PI3P levels are affected by K13 mutations,10 but the location of K13 in relation to PI3P remains unknown. IFAs localized endogenous K13 in diffuse and focal distribution in trophozoite and schizonts (Figure 2A; supplemental Figure 2A). Cryo-IEM detected PI3P (6 nm gold) in the ER lumen marked by PfBiP (15 nm gold; Figure 2B, black arrow; supplemental Figure 2B) and enriched with K13 on ER tubules and vesicles (Figure 2C, single and double yellow arrows; supplemental Figure 2C). K13 lacks a secretory signal sequence consistent with its association with cytoplasmic PI3P. The gold particles for PI3P look well aligned, suggesting membrane structures beneath, even when tiny vesicles are difficult to see in cryosections. Biochemical fractionation studies suggested that K13 was peripherally associated with membranes (Figure 2D). Stereological analyses of gold particles indicated that ∼75% of K13 localized to ER tubules, vesicles, or both (Figure 2E). K13 was also found in vesicles distal from the ER (13%; they may also be derived from organelles other than the ER), and low levels (11%) were detected all over the parasite. Only low levels of PI3P vesicles free of K13 were observed (Figure 2C, red arrow), and PI3P with a K13 label (yellow arrows) appeared as well-structured clusters. Along the ER, cytoplasmic PI3P (single and double yellow arrows) consistently exceeded luminal lipid (black arrows). Together, these data suggested K13 as a marker for PI3P, concentrated in the ER. Quantitative IEM could not be undertaken at the ring stage of infection because of the small size of rings (1-2 μm), making them easy to miss in thin sections taken through infected red cells. However, IFAs suggested that K13 was assembled in merozoites within schizonts and transferred to newly formed rings (Figure 2F).
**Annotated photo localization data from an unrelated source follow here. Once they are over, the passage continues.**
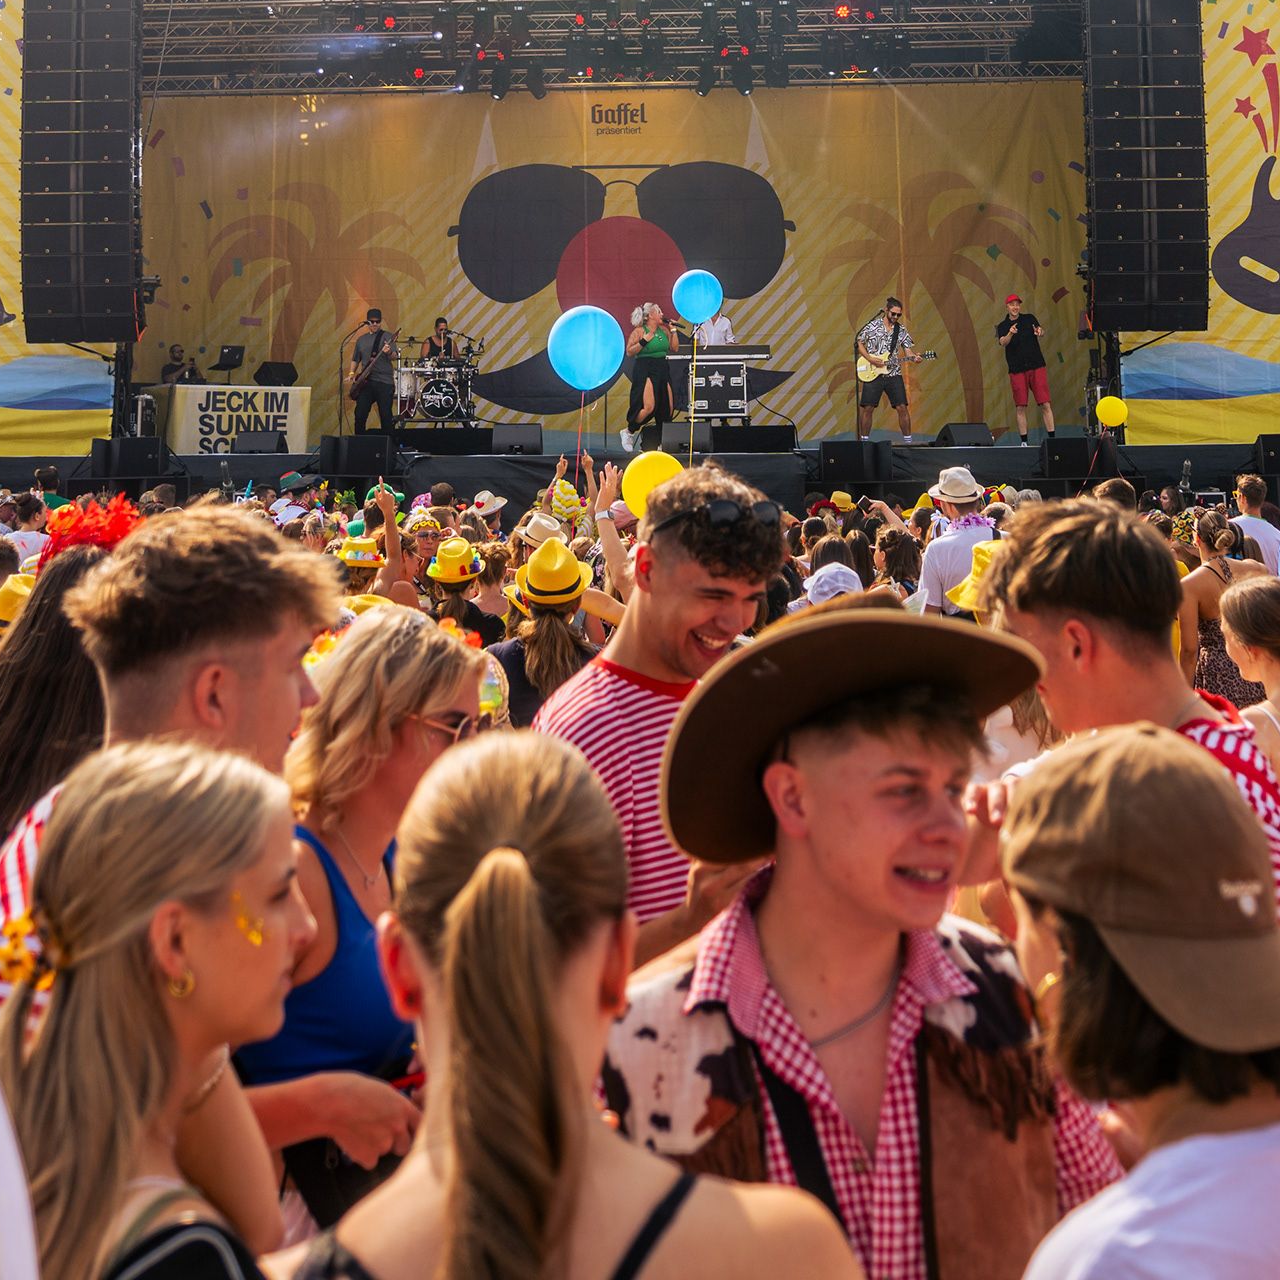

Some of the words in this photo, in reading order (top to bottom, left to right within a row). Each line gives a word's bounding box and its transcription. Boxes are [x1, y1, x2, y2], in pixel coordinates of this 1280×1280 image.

[591, 102, 648, 126] Gaffel
[596, 126, 642, 136] präsentiert
[198, 391, 258, 413] JECK
[264, 392, 289, 413] IM
[198, 414, 288, 435] SUNNE
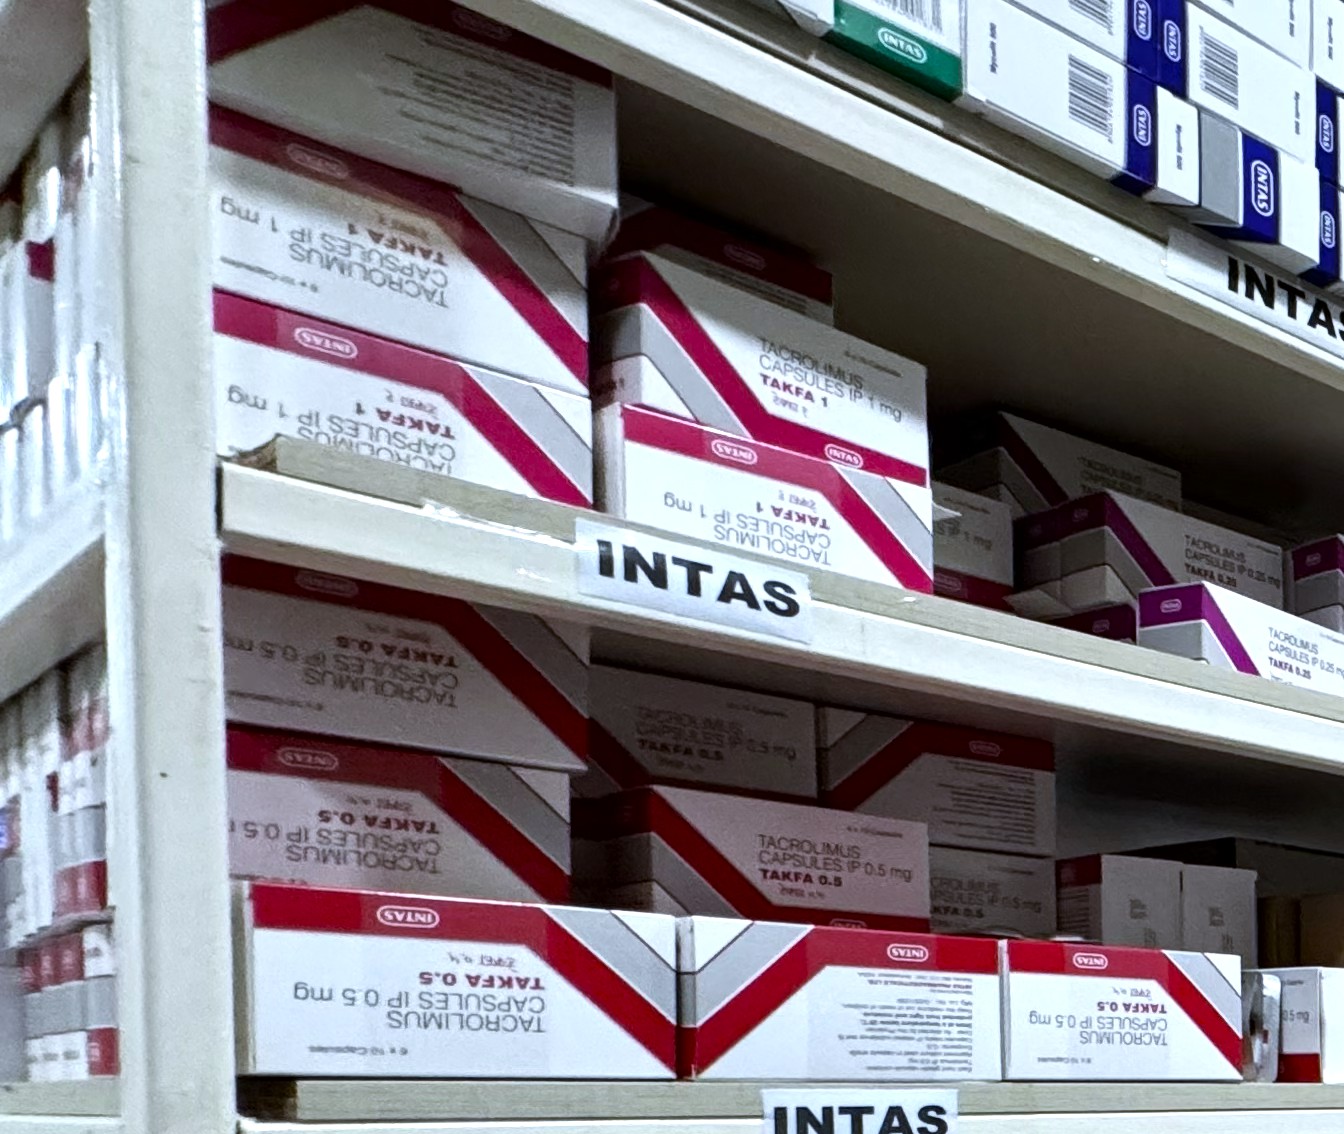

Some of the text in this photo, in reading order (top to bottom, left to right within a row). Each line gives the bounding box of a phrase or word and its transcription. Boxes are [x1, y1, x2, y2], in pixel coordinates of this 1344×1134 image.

Because our prior studies suggested that PI3P targets PfEMP1 to the red cell,29 we examined the distribution of K13 in relation to PfEMP1. A monospecific “pan-PfEMP1” antibody was developed to the conserved acidic C-terminal sequence or ATS present in all members of this antigenic family (supplemental Figure 2D-E). As is shown in Figure 2F-H, in IFAs, PfEMP1 protein appeared closely apposed to K13 (Pearson correlation coefficient of 0.7-0.8; supplemental Figure 2F-G) in merozoites inside segmenters and released extracellularly, suggesting that K13/PI3P vesicles may affect PfEMP1 biology at these stages and new rings (which form minutes after merozoite release).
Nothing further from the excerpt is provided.